Debbie Wosskow We were introduced at a party three years ago by Warren Johnson, the owner of PR agency W Communications. He got hold of us both and said: “You two should be friends.” Anna and I spent the rest of the party talking and bonding. It’s quite unusual to meet another female CEO. We both have two children and live in similar parts of London too. We really connected.

Anna Jones We are both incredibly optimistic people. I had never before met anybody who, like me, thinks that 99.5 per cent of the time there’s a way around any problem. Short of death and taxes, it’s rare that you can’t find a route through.

Wosskow Last year we both spoke on a panel at a conference about female entrepreneurship. The experience felt a bit like Groundhog Day, because we had spoken on that panel a few times before – and to the same audience. When we went for a drink afterwards, we started to plot out on the back of a menu what we could do to make the UK the best place in the world to be a female business founder, as opposed to merely talking about it.

Jones When we started looking at the data, it became a no-brainer. Only 10 per cent of the world’s venture capital goes to female-led businesses, even though such companies and those with diverse boards deliver better returns on investment than those led by men. From our experiences working with business founders and listening to female British consumers, we knew that 10 per cent of women in this country want to start a business. When you scratch beneath the surface and ask why they aren’t doing so, you find that they tend to lack access to support networks and don’t know where to go for capital.

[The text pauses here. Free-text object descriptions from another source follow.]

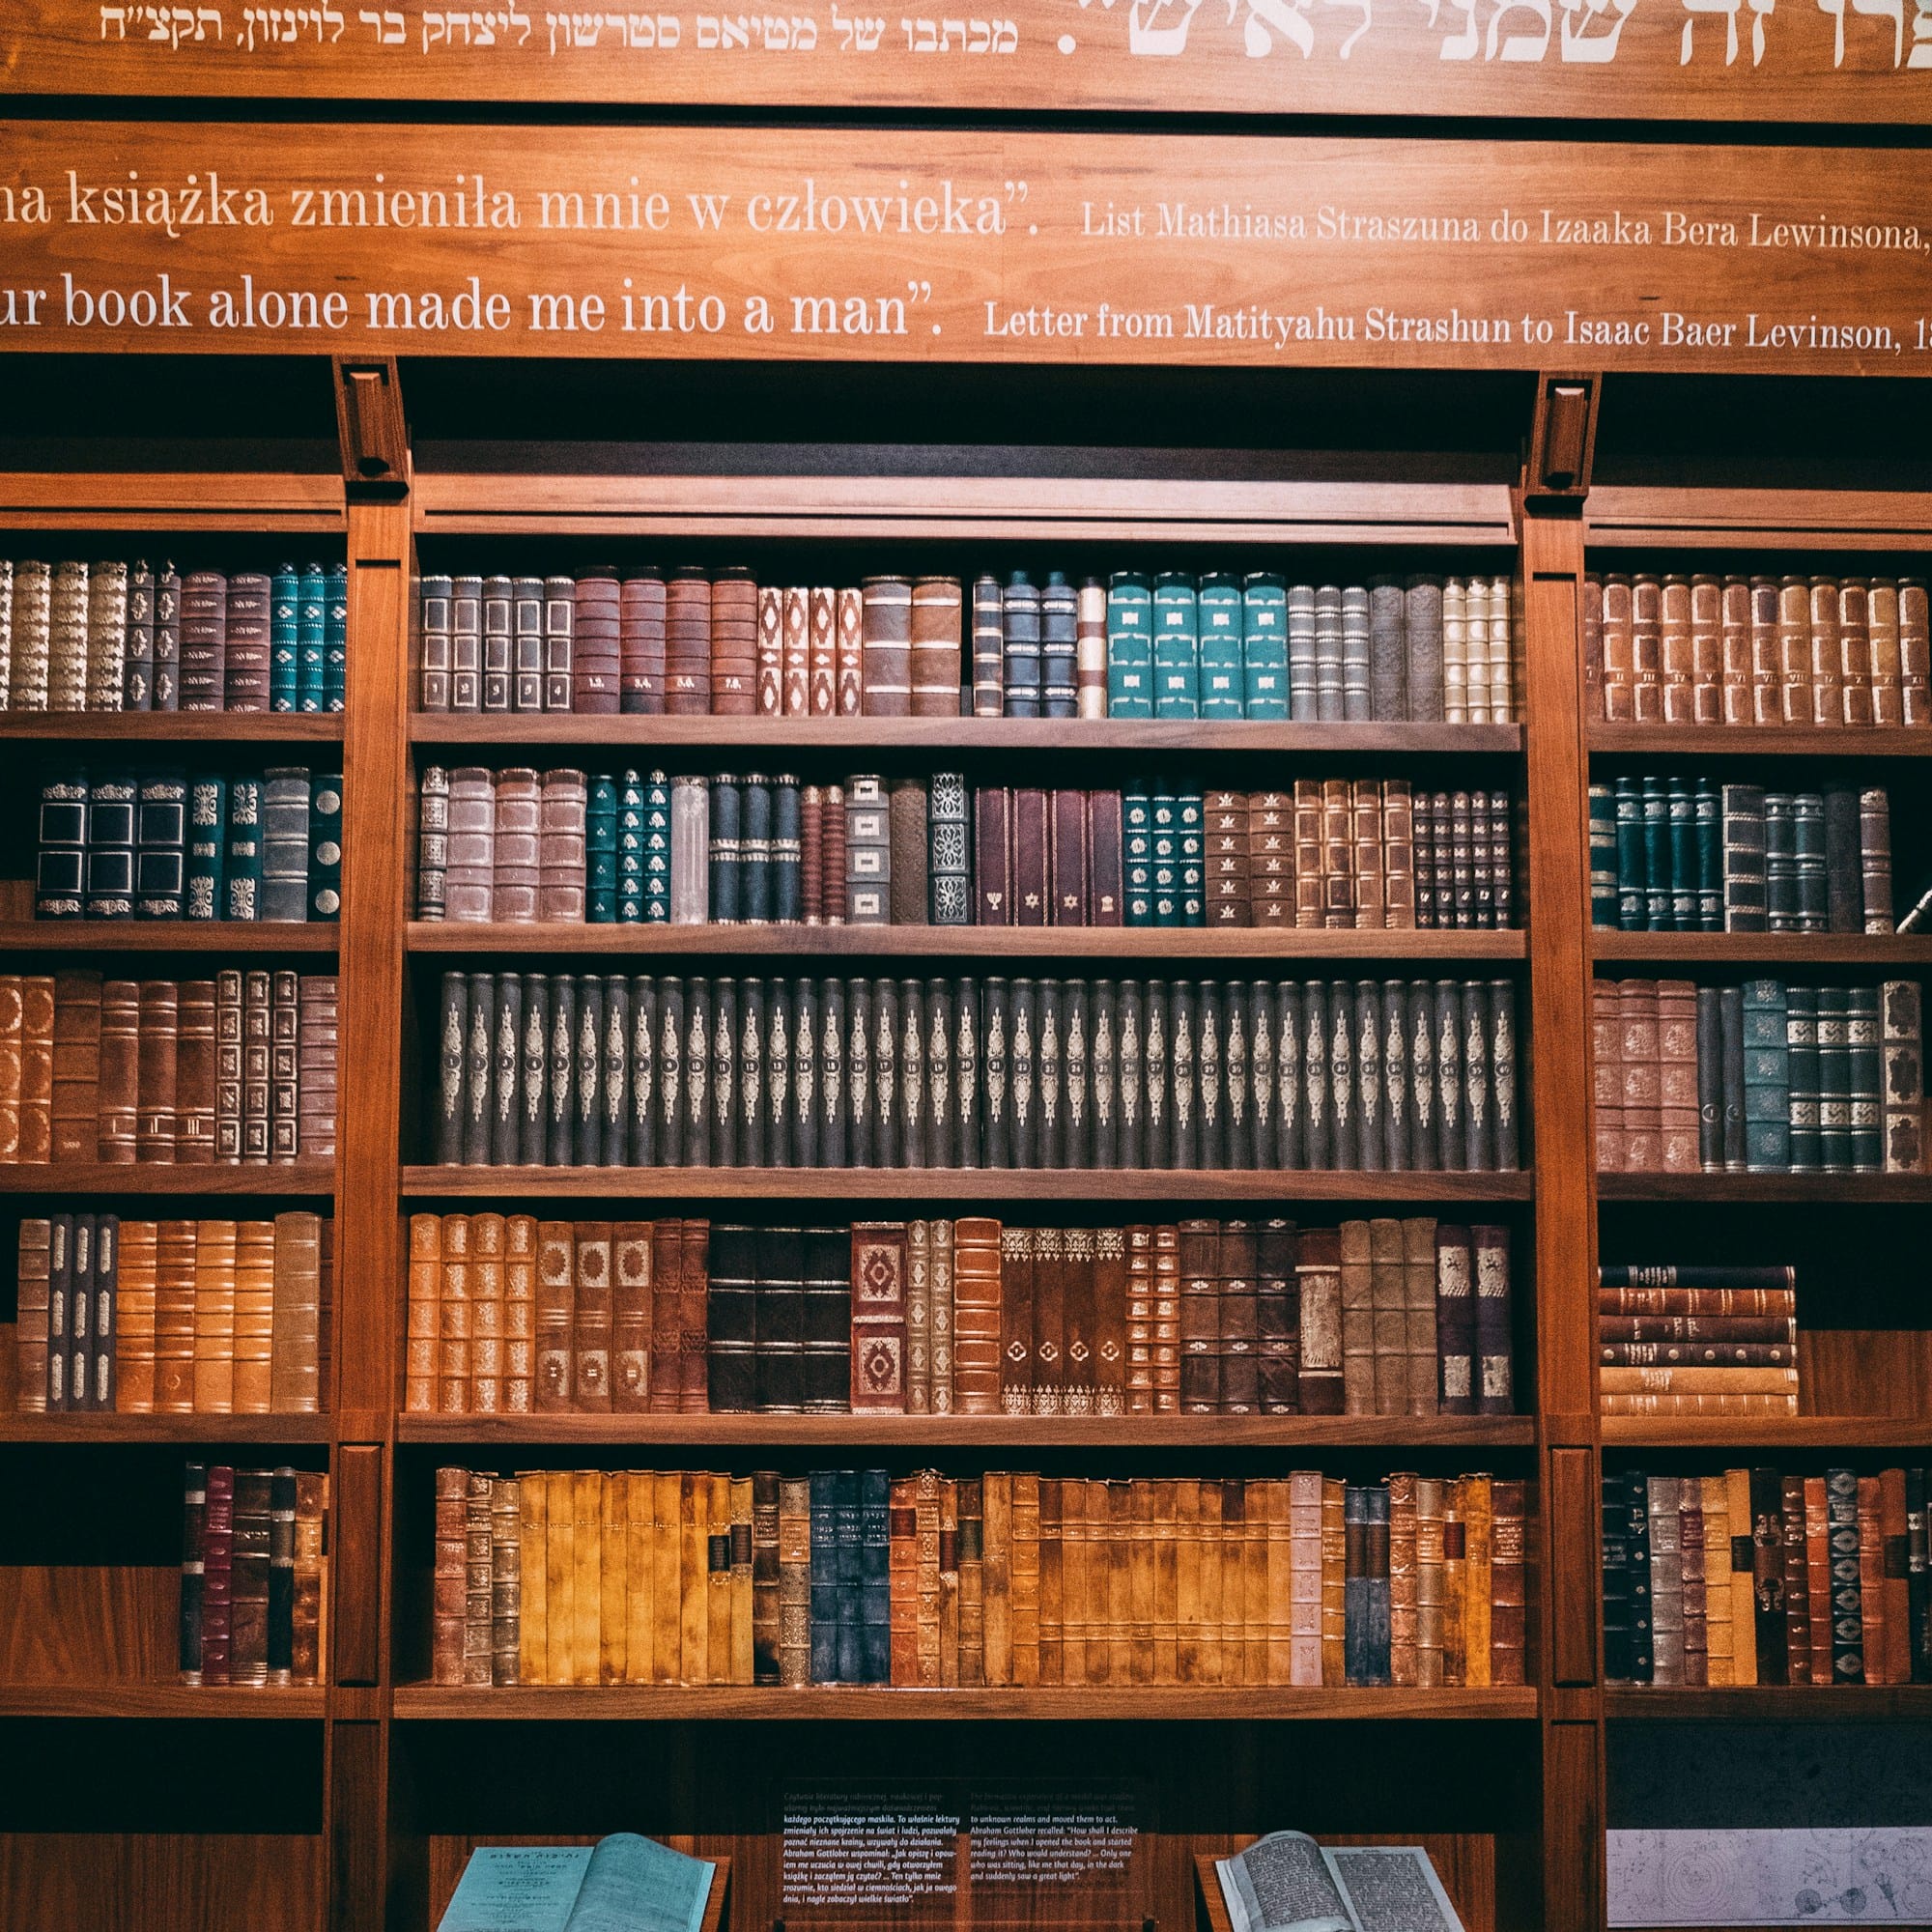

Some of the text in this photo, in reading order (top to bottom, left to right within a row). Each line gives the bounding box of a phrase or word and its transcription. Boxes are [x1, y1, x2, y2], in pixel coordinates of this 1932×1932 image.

[237, 0, 345, 52] לוינזון,
[358, 10, 408, 44] בר
[422, 0, 531, 55] ליצחק
[696, 14, 818, 50] מטיאס
[831, 4, 886, 51] של
[546, 11, 681, 57] סטרשון
[901, 17, 1018, 54] מכתבו
[66, 169, 274, 238] książka
[292, 173, 522, 229] zmieniła
[536, 177, 670, 230] mnie
[687, 193, 730, 231] w
[1081, 203, 1931, 256] List Mathiasa Straszuna do Izaaka Bera Lewinsona,
[60, 272, 193, 327] book
[210, 274, 349, 329] alone
[365, 276, 511, 330] made
[527, 294, 606, 331] me
[620, 278, 726, 332] into
[744, 296, 775, 333] a
[983, 301, 1932, 356] Letter from Matityahu Strashun to Isaac Baer Levinson, 1
[783, 1814, 811, 1826] każdego
[897, 1814, 906, 1824] To
[908, 1814, 934, 1824] właśnie
[935, 1814, 960, 1826] lektury
[971, 1814, 1118, 1824] to unknown realms and moved them to act.
[819, 1825, 829, 1835] ich
[877, 1825, 895, 1835] świat
[901, 1825, 920, 1837] ludzi,
[970, 1825, 1002, 1835] Abraham
[1088, 1825, 1105, 1835] shall
[783, 1836, 808, 1848] poznać
[1010, 1836, 1029, 1847] when
[1036, 1836, 1060, 1848] opened
[1062, 1836, 1073, 1847] the
[1074, 1836, 1092, 1847] book
[1093, 1836, 1106, 1847] and
[1108, 1836, 1132, 1847] started
[782, 1848, 814, 1858] Abraham
[970, 1847, 1132, 1860] reading Who would understand? Only one
[810, 1859, 836, 1869] uczucia
[864, 1859, 886, 1871] chwili,
[970, 1859, 985, 1869] who
[987, 1861, 1001, 1869] was
[1028, 1859, 1040, 1869] like
[1054, 1859, 1068, 1869] that
[1070, 1859, 1086, 1871] day,
[1095, 1859, 1107, 1869] the
[1108, 1859, 1124, 1869] dark
[783, 1870, 809, 1883] książkę
[891, 1870, 903, 1881] Ten
[905, 1870, 923, 1883] tylko
[924, 1870, 941, 1881] mnie
[970, 1870, 983, 1880] and
[1038, 1870, 1058, 1882] great
[935, 1884, 957, 1893] owego
[783, 1893, 800, 1905] dnia,
[807, 1893, 826, 1905] nagle
[859, 1893, 882, 1903] wielkie

Wosskow Off the back of that, AllBright, our funding and support platform for female founders, was born. It’s all about empowering women, motivating them to be entrepreneurs, attaching capital to women and giving them a platform to make money.

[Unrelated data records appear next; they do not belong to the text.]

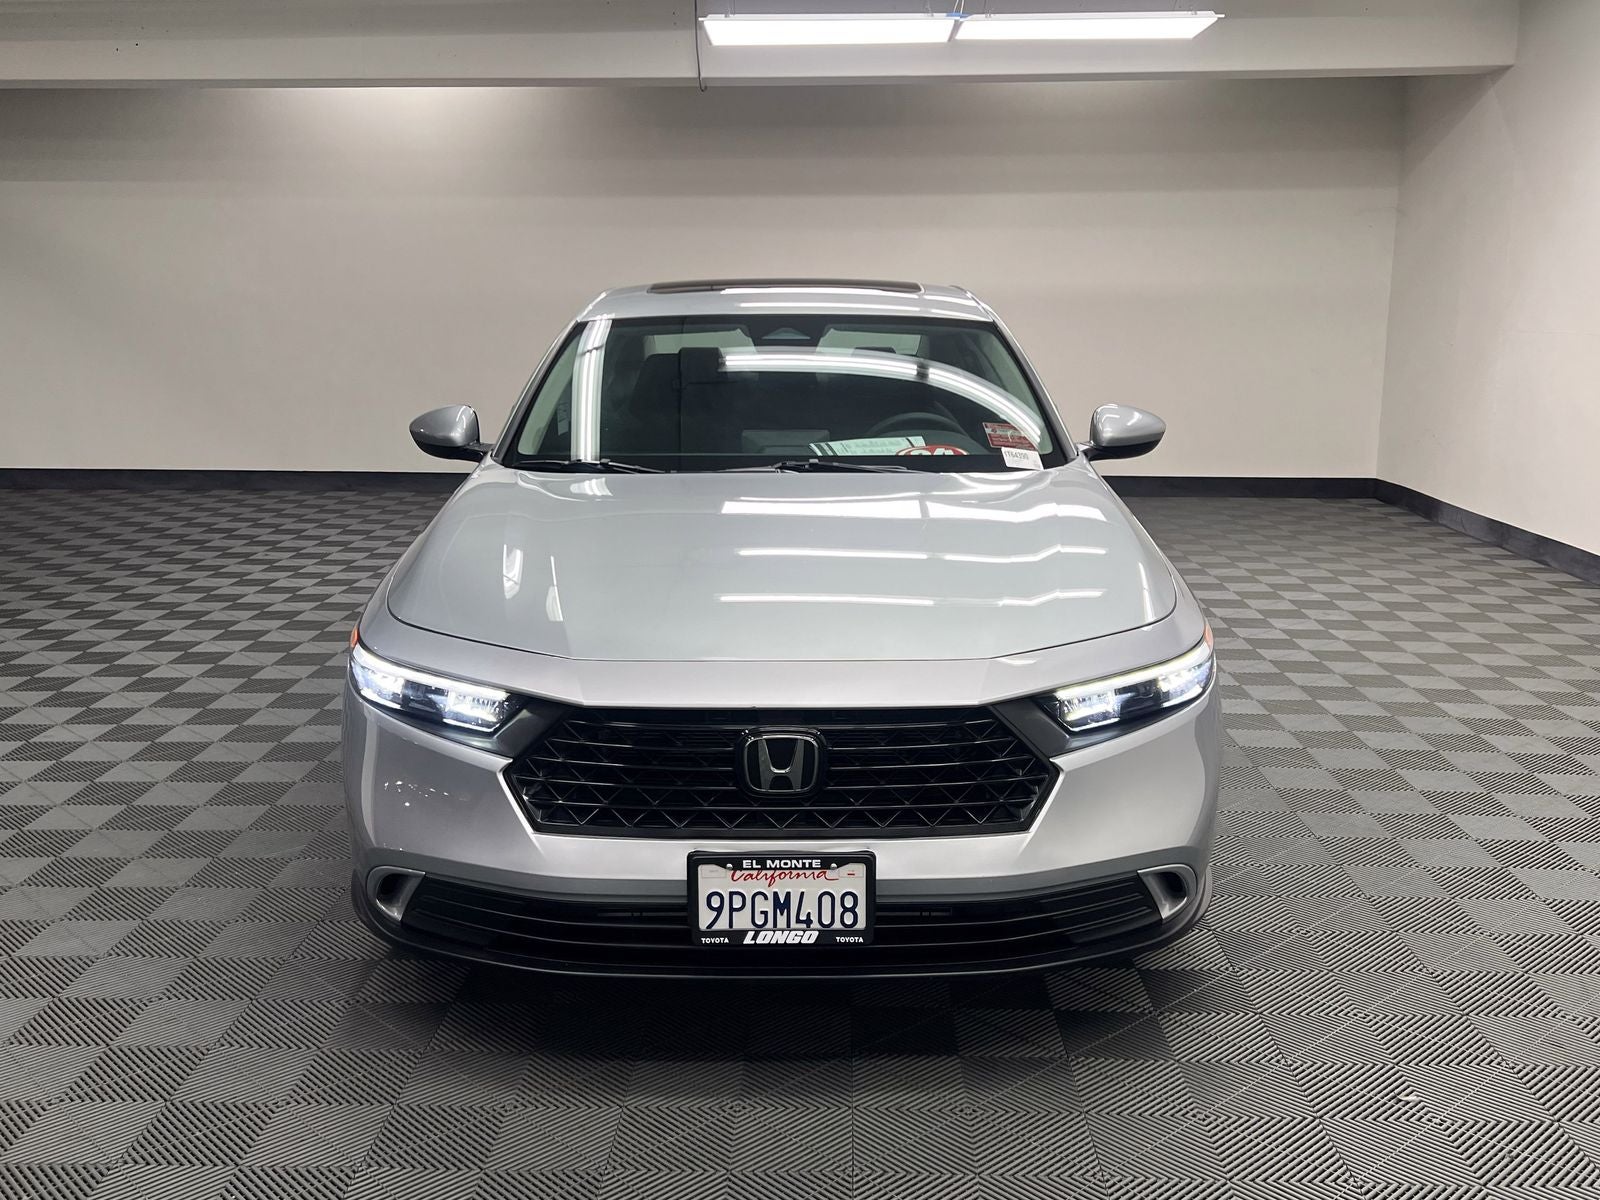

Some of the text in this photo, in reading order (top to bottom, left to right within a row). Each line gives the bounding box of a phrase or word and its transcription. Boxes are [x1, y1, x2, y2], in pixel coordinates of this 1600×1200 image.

[742, 859, 822, 869] EL MONTE
[705, 890, 859, 930] 9PGM408
[701, 936, 730, 944] TOYOTA
[742, 930, 819, 945] LONGO
[835, 935, 864, 943] TOYOTA

Jones At Hearst I was running several SMEs and working with lots of founders, so there aren’t many commercial problems that haven’t crossed my desk at one time or another. I have a lot of operational experience and I’ve always worked on female-focused businesses and products. I therefore have a very good sense of what interests women in this country and what they want.

Wosskow None of what we’re doing is anti-men. We have men on our advisory board and male investors. Many of the businesses that we’re talking to have male co-founders too. Our objective is to put women at the front and centre of the conversation, because only 2.7 per cent of investment in the UK last year went to female-led businesses. We have to change that conversation and we think that this is about showcasing female voices. I think the stats speak for themselves. Once you set the scene, loads of men support this agenda.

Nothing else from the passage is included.